Answers to all those questions about marathons.
Running a marathon may seem like an intimidating challenge, but with the right planning and preparation, you can make it through the race and be proud of your incredible accomplishment.
If you’re thinking about signing up for a 42km run, This guide can help you to prepare yourself for the challenge. We’ve covered everything from pre-race warm-ups to post-race nutrition, so lace up and let’s get going!
How far should I run for marathon training?
Most marathon training schedules are 15 to 20 weeks in duration. During this time, you will typically need to run three to five times a week, increasing your distance and speed as you get nearer to the day of the marathon.
Basic plans will include gradual building of kilometres over the weeks in the lead up to your race.
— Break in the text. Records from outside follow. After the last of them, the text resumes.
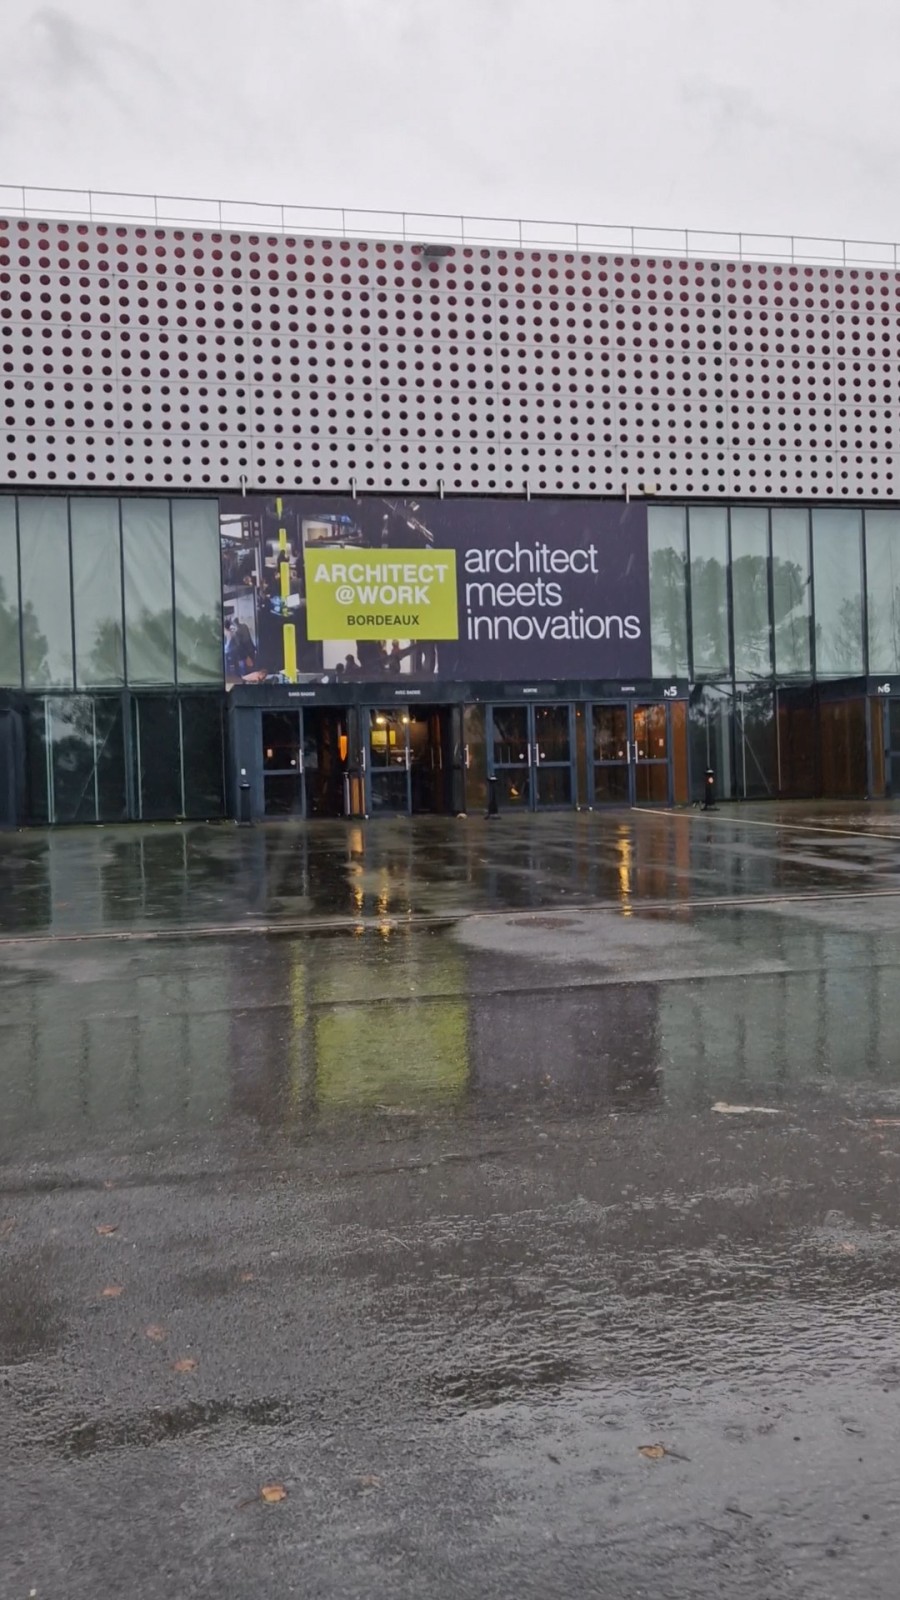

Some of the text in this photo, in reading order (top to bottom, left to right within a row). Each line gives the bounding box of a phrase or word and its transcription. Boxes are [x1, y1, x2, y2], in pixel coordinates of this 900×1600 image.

[464, 541, 599, 573] architect
[314, 563, 449, 583] ARCHITECT
[335, 585, 431, 605] @WORK
[465, 577, 563, 607] meets
[347, 615, 420, 626] BORDEAUX
[467, 608, 641, 640] innovations
[663, 686, 678, 697] N5
[877, 683, 891, 694] N6
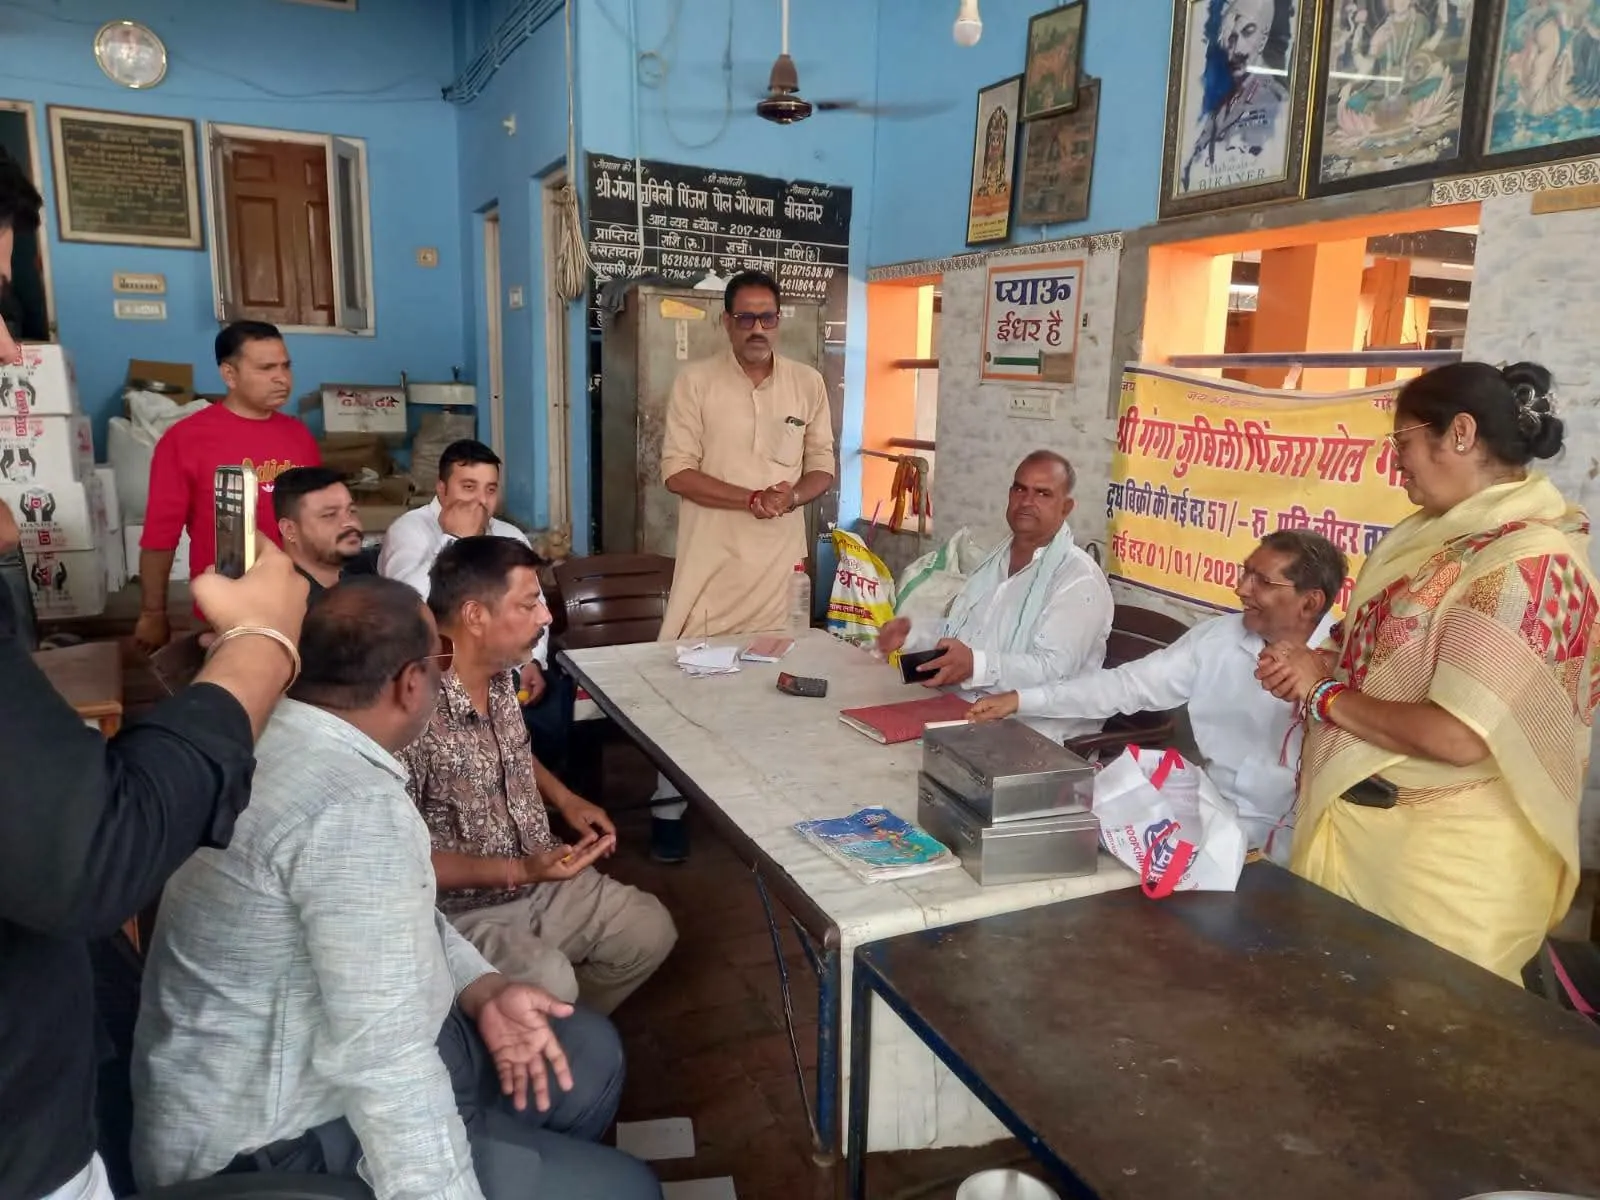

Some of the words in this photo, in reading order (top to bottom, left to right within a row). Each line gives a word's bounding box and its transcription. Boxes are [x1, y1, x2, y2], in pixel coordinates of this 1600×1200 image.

[595, 171, 611, 198] श्री
[611, 176, 636, 201] गंगा
[676, 181, 708, 211] पिंजरा
[712, 187, 732, 214] पोल
[783, 195, 824, 225] बीकानेर
[647, 214, 667, 228] आय
[729, 223, 782, 239] 2017-2018
[660, 231, 681, 248] राशि
[783, 243, 805, 260] राशि
[994, 275, 1075, 306] प्याऊ
[996, 310, 1042, 342] ईधर
[1045, 309, 1063, 347] है
[1173, 415, 1243, 479] जुबिली
[1243, 420, 1318, 478] पिंजरा
[1317, 423, 1377, 483] पोल
[1106, 482, 1124, 519] दूध
[1152, 484, 1169, 520] की
[1170, 487, 1190, 528] नई
[1189, 498, 1206, 528] दर
[1112, 530, 1129, 563] नई
[1128, 539, 1146, 564] दर
[1145, 543, 1246, 588] 01/01/202
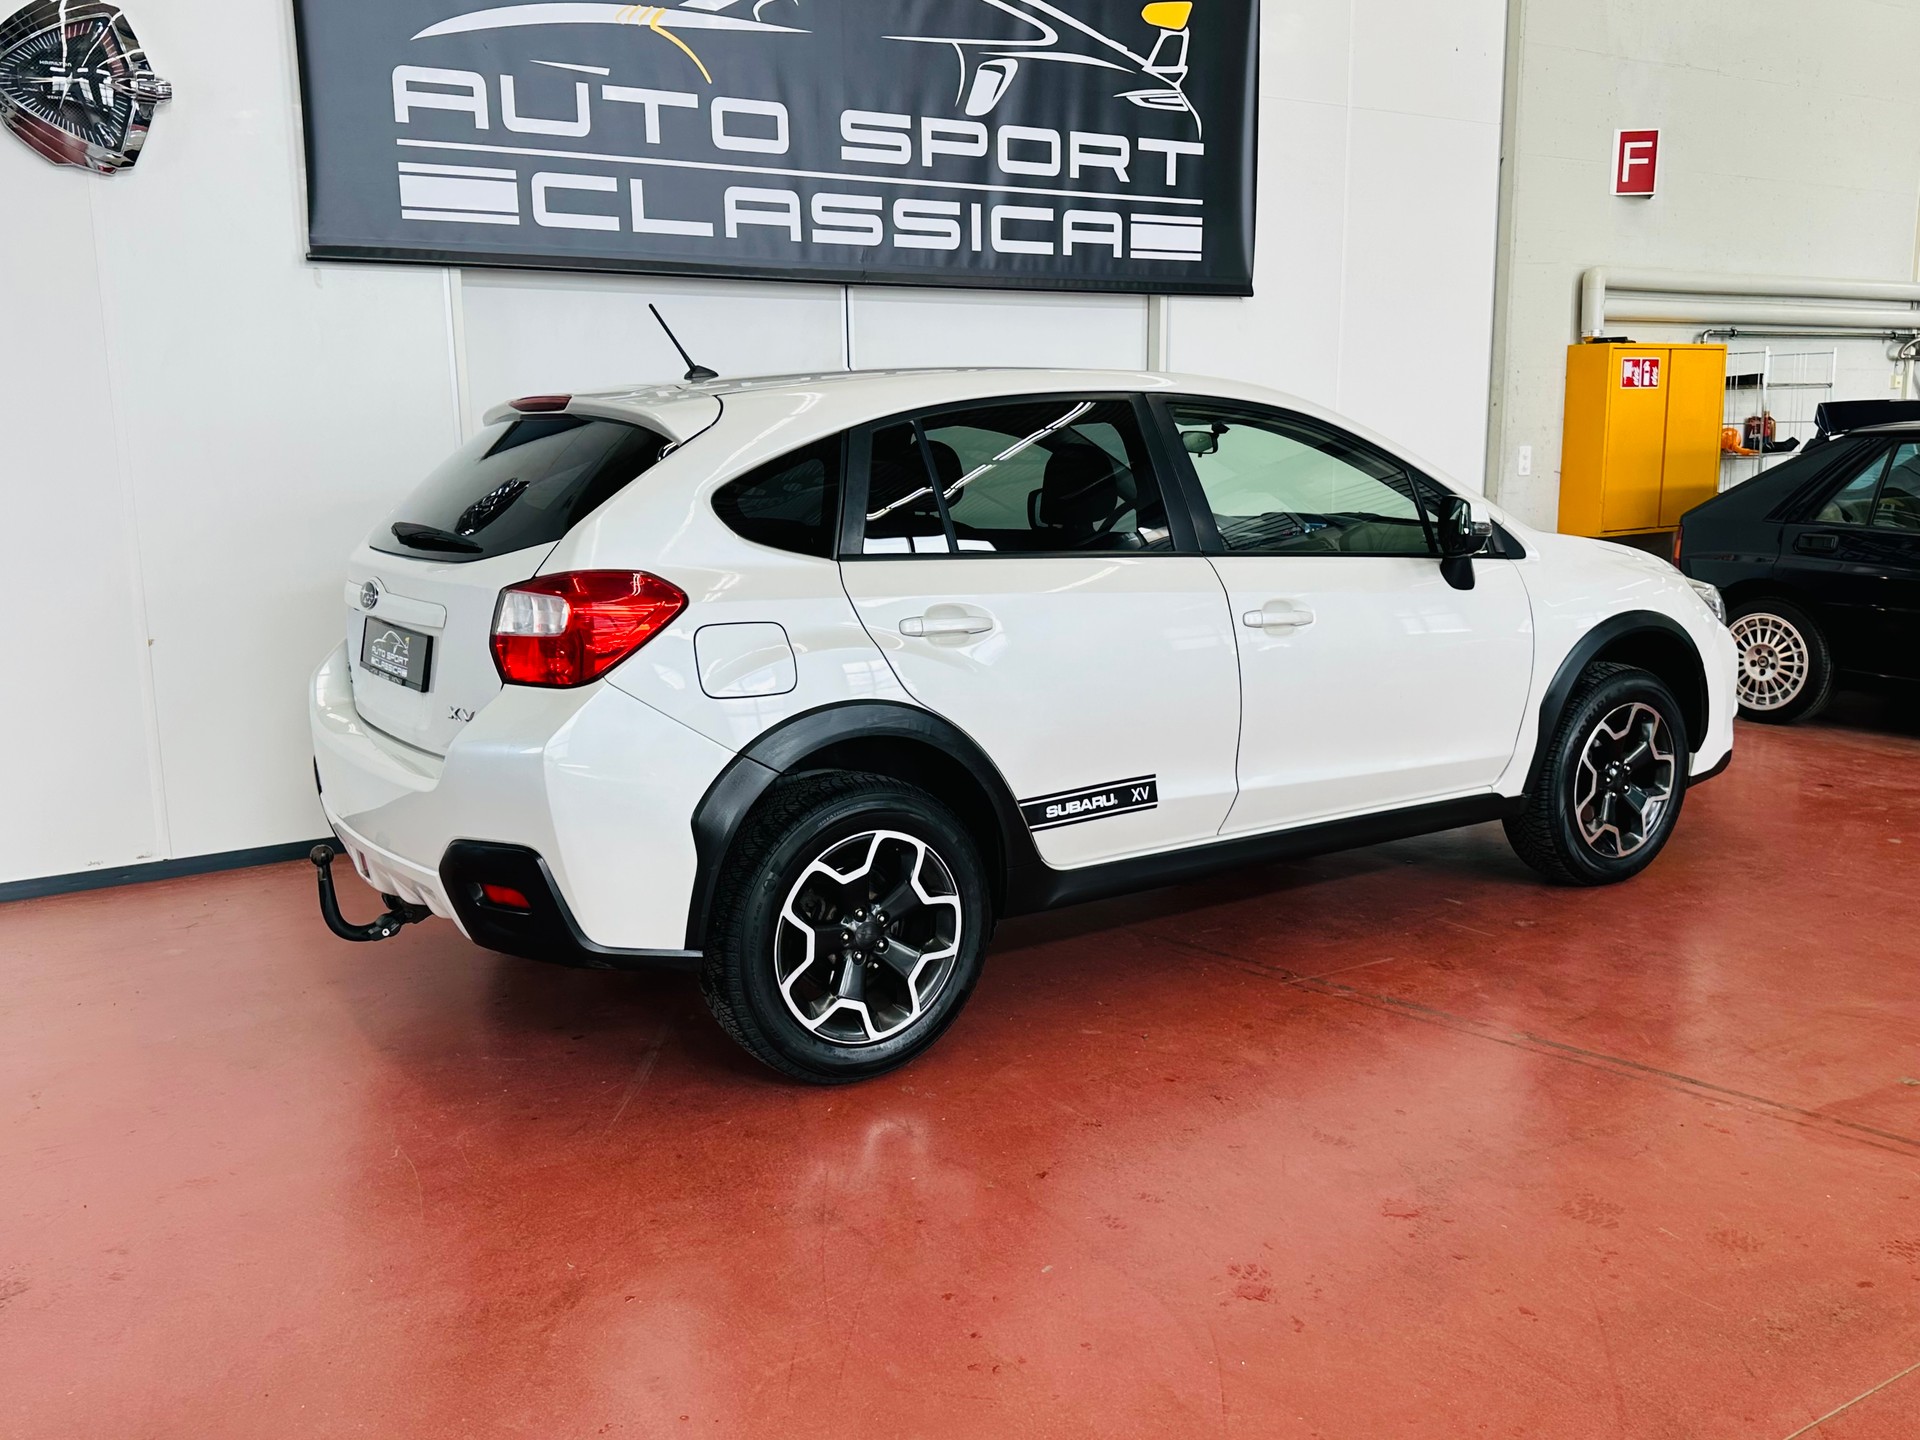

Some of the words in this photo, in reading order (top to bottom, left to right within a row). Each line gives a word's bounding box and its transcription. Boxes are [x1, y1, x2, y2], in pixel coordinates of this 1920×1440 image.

[391, 64, 790, 156] AUTO
[839, 108, 1205, 187] SPORT
[1622, 141, 1653, 182] F
[531, 171, 1123, 260] CLASSICA
[371, 645, 386, 658] AUTO
[386, 651, 409, 666] SPORT
[448, 705, 476, 723] XV
[1131, 786, 1149, 802] XV
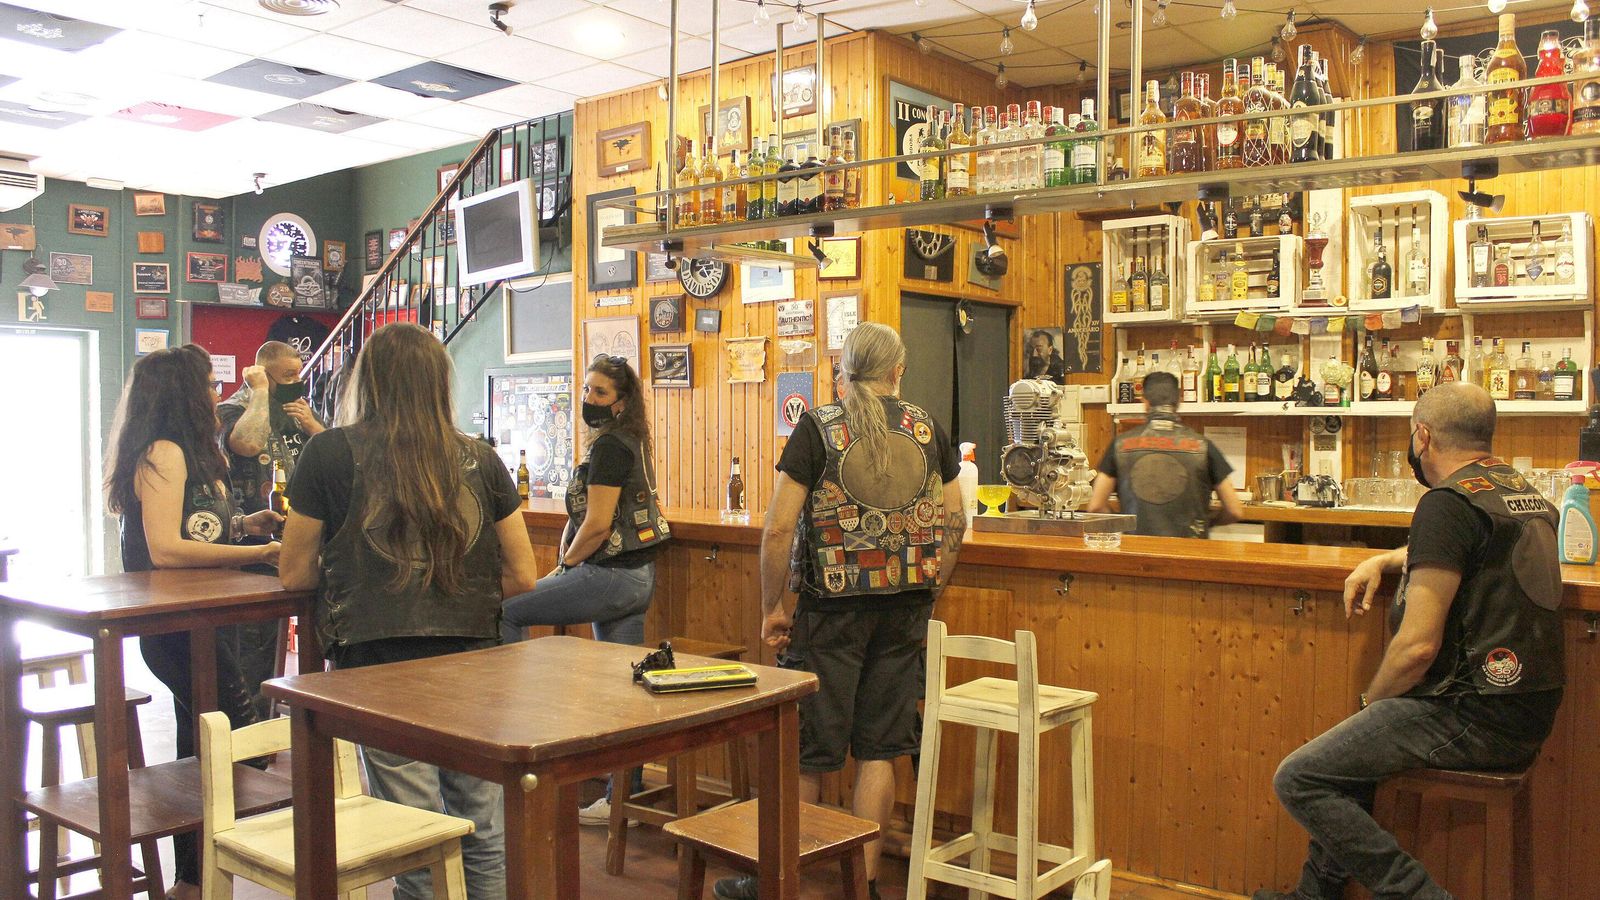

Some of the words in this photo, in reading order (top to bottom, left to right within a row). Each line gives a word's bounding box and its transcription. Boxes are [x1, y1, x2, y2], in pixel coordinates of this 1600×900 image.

[897, 101, 910, 121] II
[291, 336, 312, 353] 30
[1507, 495, 1548, 512] CHACÓN
As you become more experienced, plans will include different types of runs, exposing you to different tempos, efforts and terrain.
It’s always a good idea to include some cross training, including strength training and more gentle modalities, like yoga, pilates or walking, on recovery days
Should I follow a special diet for marathon training?
In the weeks before the marathon, the food you eat is just as important as the hours of training you put in. Your dietary choices will have a huge impact on your race time, energy levels, hydration and the time it takes for your body to recover after race day. A sports dietician is best placed to give you specific advice.
Our Exercise Physiologist and resident runner has these tips for marathon fueling and recovery
- Pre-run, simple carbohydrates are best. Try to avoid fibrous or dense foods as these can wreak havoc on your stomach.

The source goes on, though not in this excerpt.